My interest in landscape architecture centers on wetlands. I grew up on a farm in the Midwest during the 60’s and early 70’s. I remember the clay drainage tiles laid on the fields, awaiting burial in the trenches snaking across the land of our farm and that of surrounding farms. Most days throughout my childhood began or ended with my daily tromp which led me through the fields and the pastures, along the creek, and into the stand of grasses at the edge of the sloughs and marshes of north central Iowa. Tiling dropped the water table and drained these glacial depressions. It brought more acreage into row-crop production, all with the encouragement of Secretary of Agriculture Earl Butz and his “fence row-to-fence row” farm policy. Now the wetlands are diminished, as are our forests and tall-grass prairies.
Our township cemetery was native prairie, so fifteen years ago I bought a burial plot-Lot 3 in Block 4-for $150. I never intended to be buried there; I wanted to safeguard some virgin prairie soil. A nearby farmer was hired by the cemetery board to plow the last section of the virgin prairie to “control the weeds”. He did just that, but my far corner plot escaped his plow. My mother passed away last January and before she died, she told us that she wanted to be cremated, but one of my sisters objected. She insisted that she be able to visit Mom’s gravesite, so I gave my mother permission to place a marker on my plot so Cathy would be able to place flowers there to memorialize Mom. There was no grave dug, and no coffin lowered, but there is a granite marker that will safeguard forty square feet of precious Iowa prairie soil for eternity.
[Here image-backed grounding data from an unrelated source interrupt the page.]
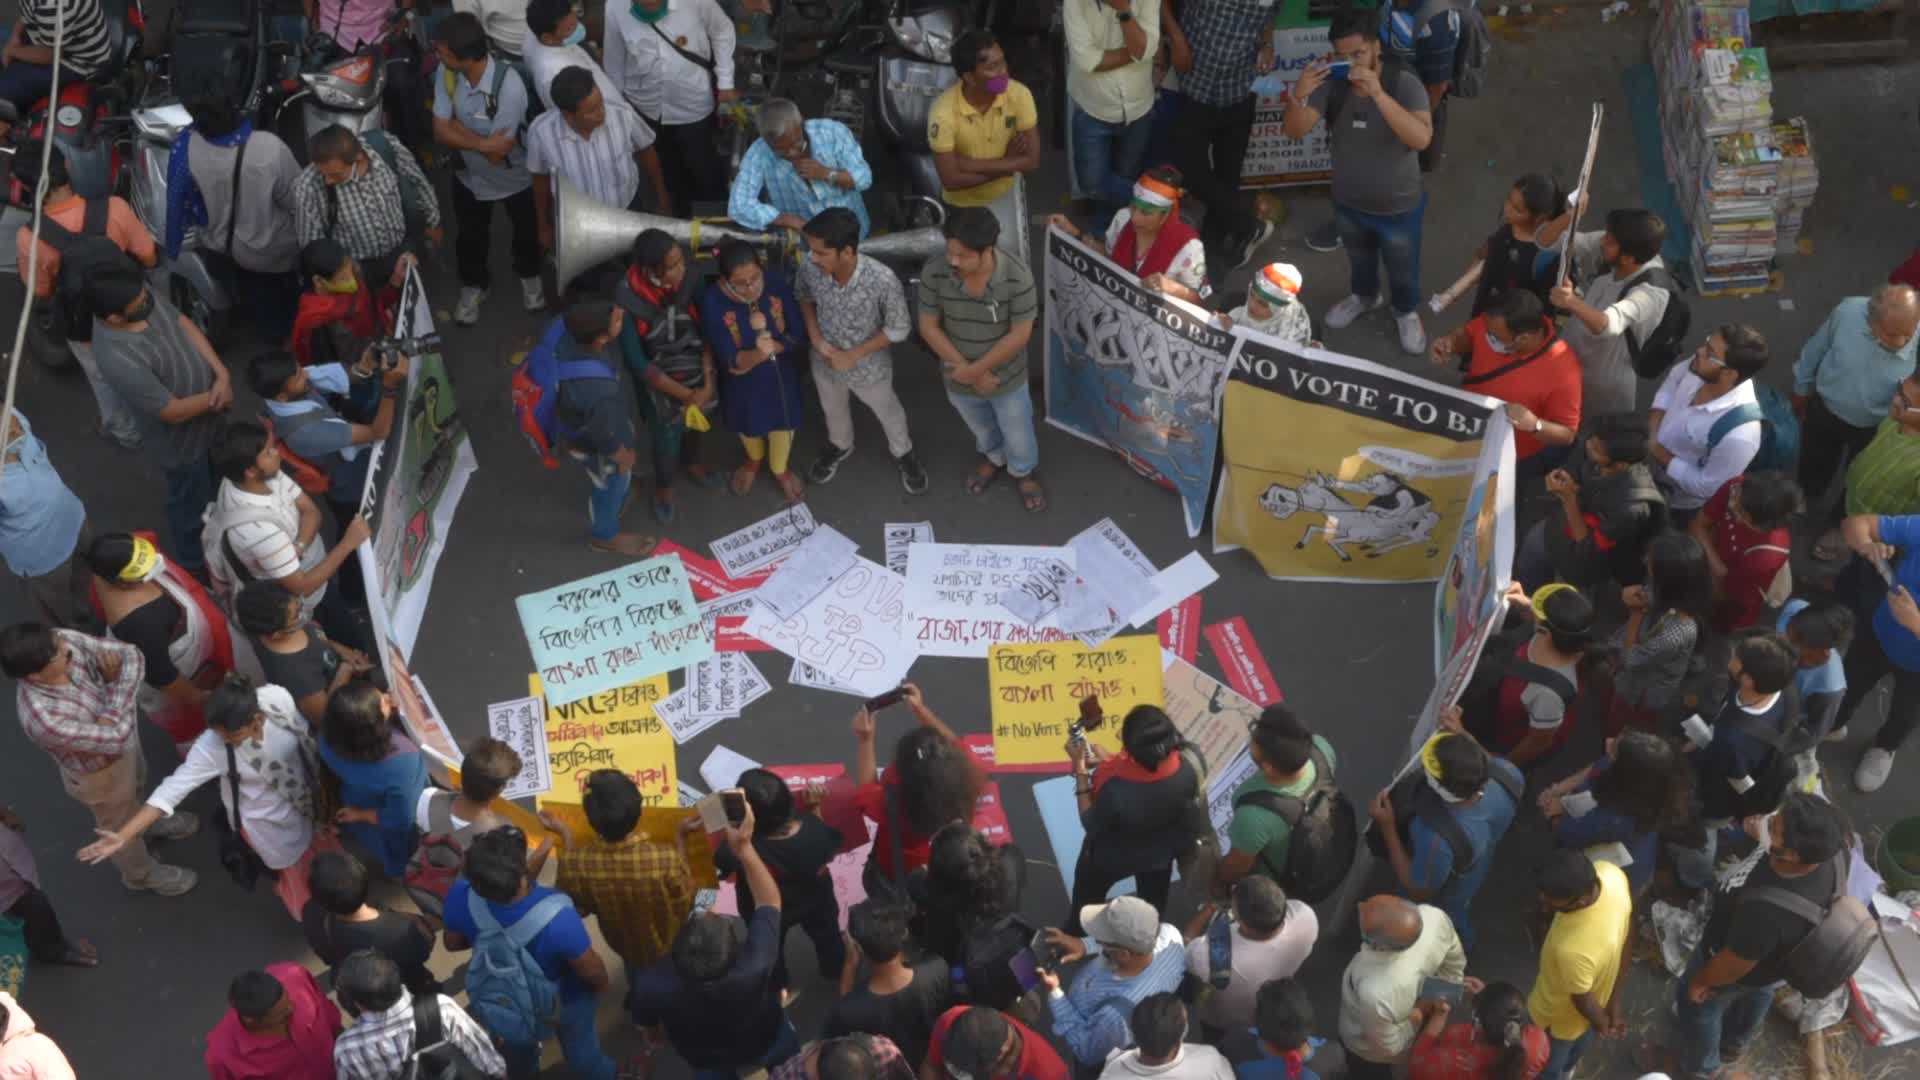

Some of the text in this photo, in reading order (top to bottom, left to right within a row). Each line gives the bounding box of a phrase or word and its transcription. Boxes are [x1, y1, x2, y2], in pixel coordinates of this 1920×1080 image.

[1060, 247, 1227, 347] NO VOTE TO BJP
[1235, 353, 1486, 436] NO VOTE TO BJ
[995, 648, 1057, 676] বিজেপি
[1000, 684, 1055, 704] বাংলা
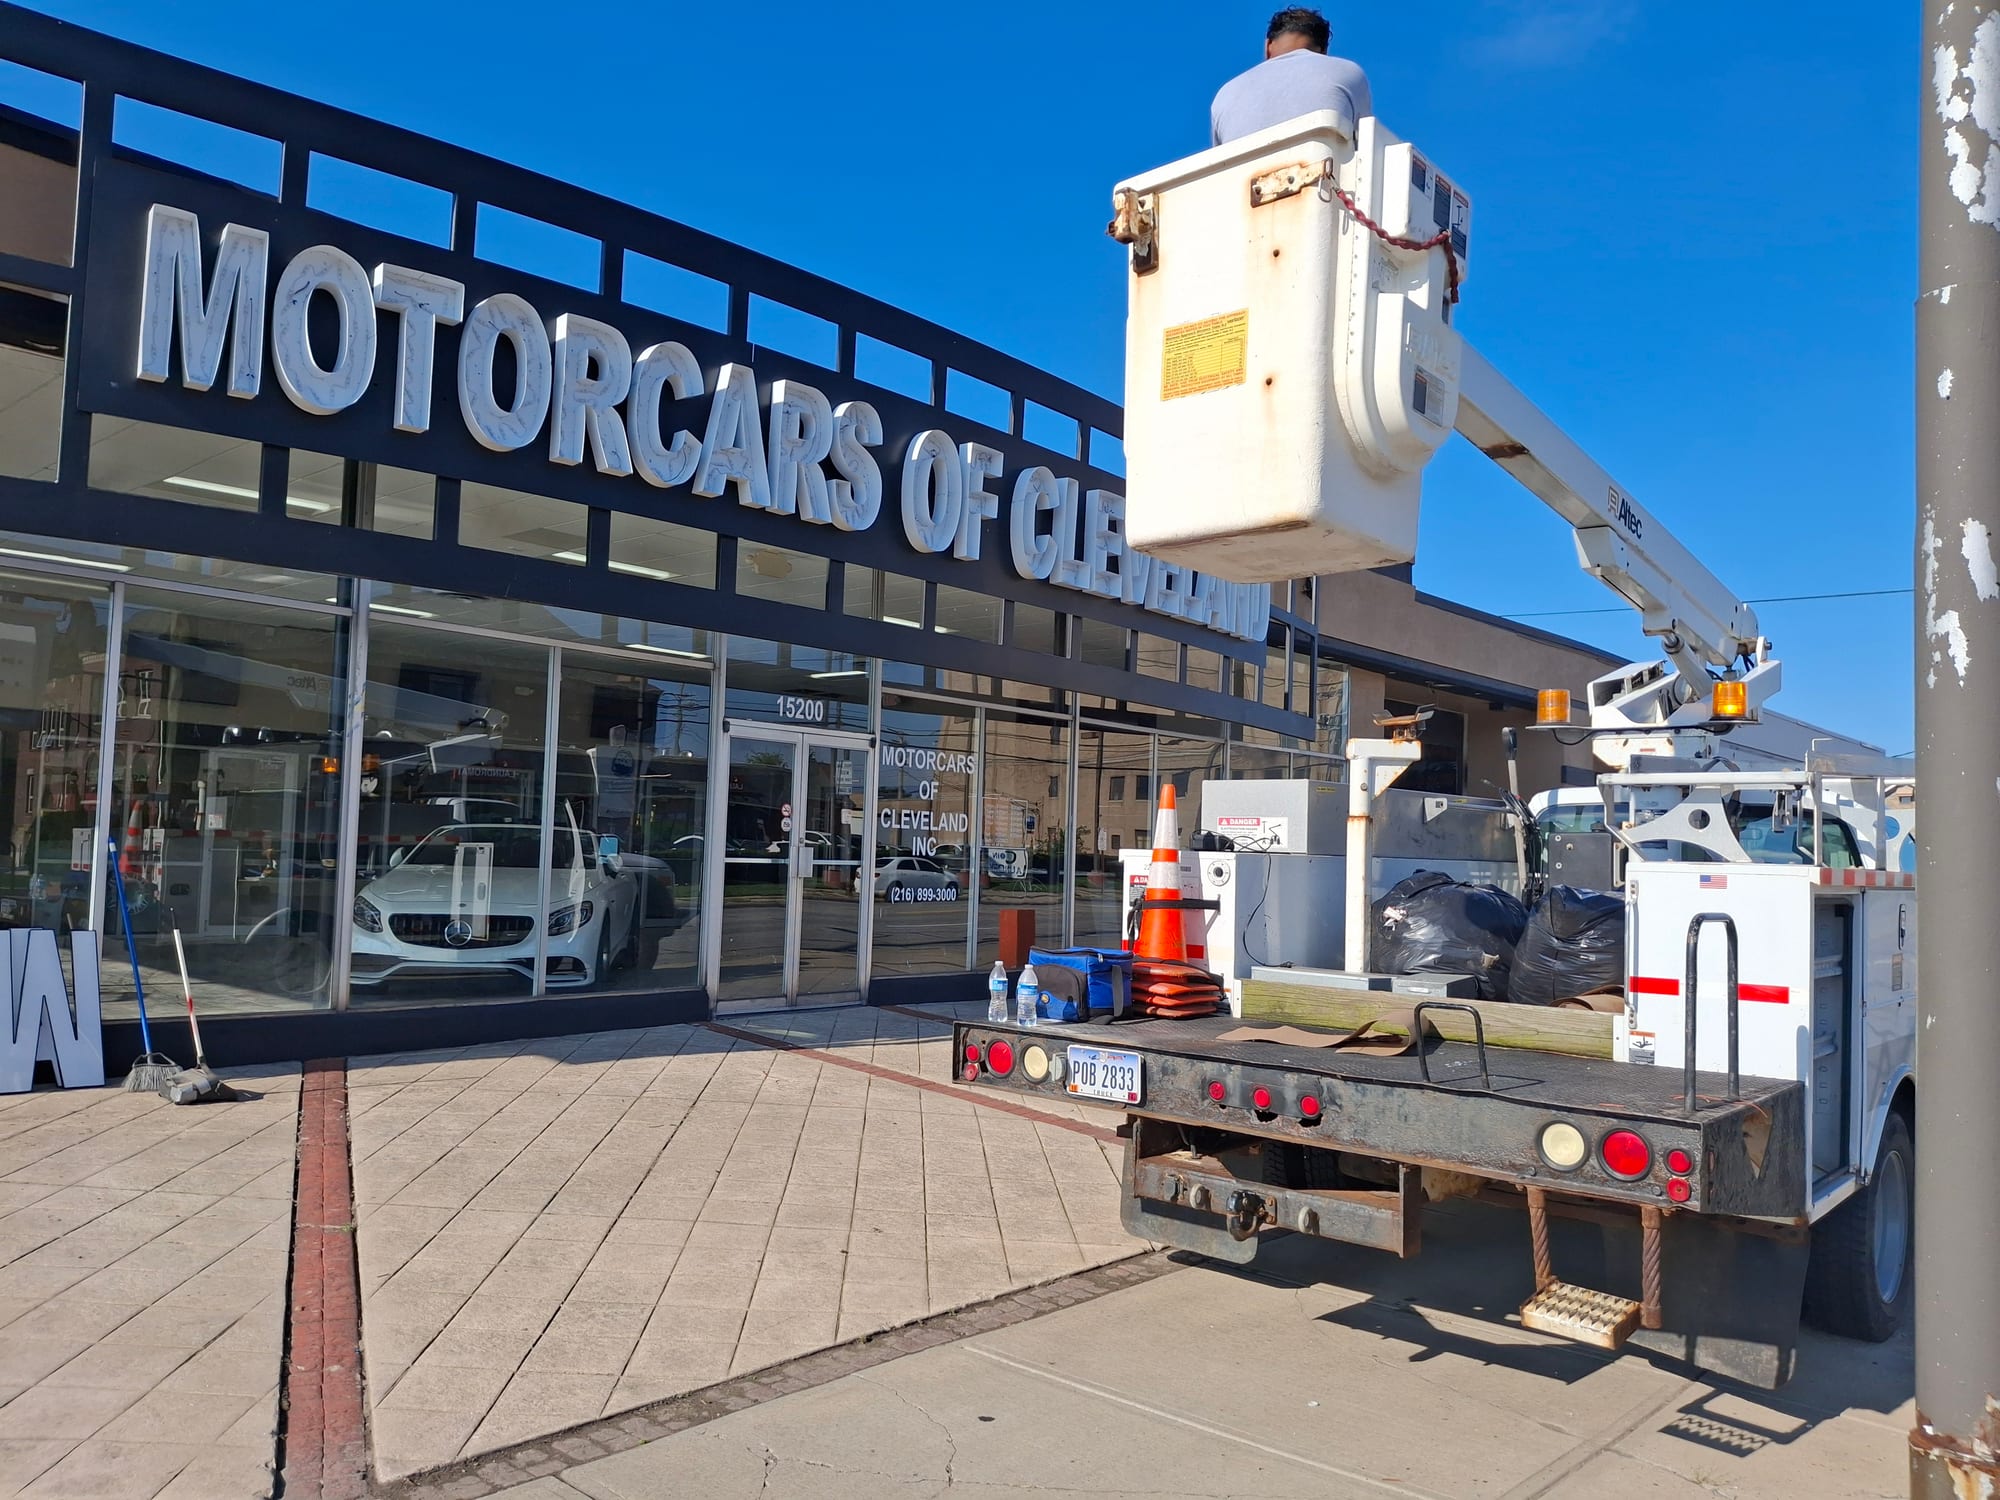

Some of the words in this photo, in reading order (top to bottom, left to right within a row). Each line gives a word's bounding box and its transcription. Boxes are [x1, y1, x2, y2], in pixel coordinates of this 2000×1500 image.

Today at 7:30 AM the temperature was 40 degrees; it was calm, with crystal blue skies. And then it cut loose. The wind blasted in around 9:30 this morning, bringing with it charcoal gray clouds. The calm before the storm. Tonight the temperature is 0 degrees and the wind is furiously howling at the moon. Today when I was driving south on the interstate, I noticed the blackened the snow. With a little “digging” around on the web, reading some research done at the university I am currently attending, I found the following stats. Iowa topsoil erosion is pegged at about 5 tons per acre per year. The soils course taught me that an acre furrow slice (the area of one acre one plow depth (a little over 6.5 inches) weighs about one thousand tons. Iowa farmers cultivate around 25 million acres of cropland. “The Earth’s Carrying Capacity”, a 2007 report compiled by Bruce Sundquist estimates that in the U.S., wind and water erosion of cultivated land averages about 8 T/A/year. Think of it this way. U.S. farmers lose about one inch of topsoil every 8-10 years, which is ten times the natural rate of soil creation. Now hold this information for just another minute…
Last fall in my landscape ecology course, we read from Jared Diamond’s book COLLAPSE. The author described a people, the Anasazi, who perished about A.D.1200 because of their short-sighted vision with regard to intensive agricultural production. The deforestation of the land led to serious soil erosion and the inevitable decline in soil productivity. I wonder why we aren’t doing more to save this precious resource?
This posting began with the sound of the furious wind blasts rattling the window panes. As a future landscape architect, I am starting to connect the dots with regard to how we shape and mold the land. If we don’t appreciate Mother Nature and her brilliant design of this good earth, we don’t stand a chance.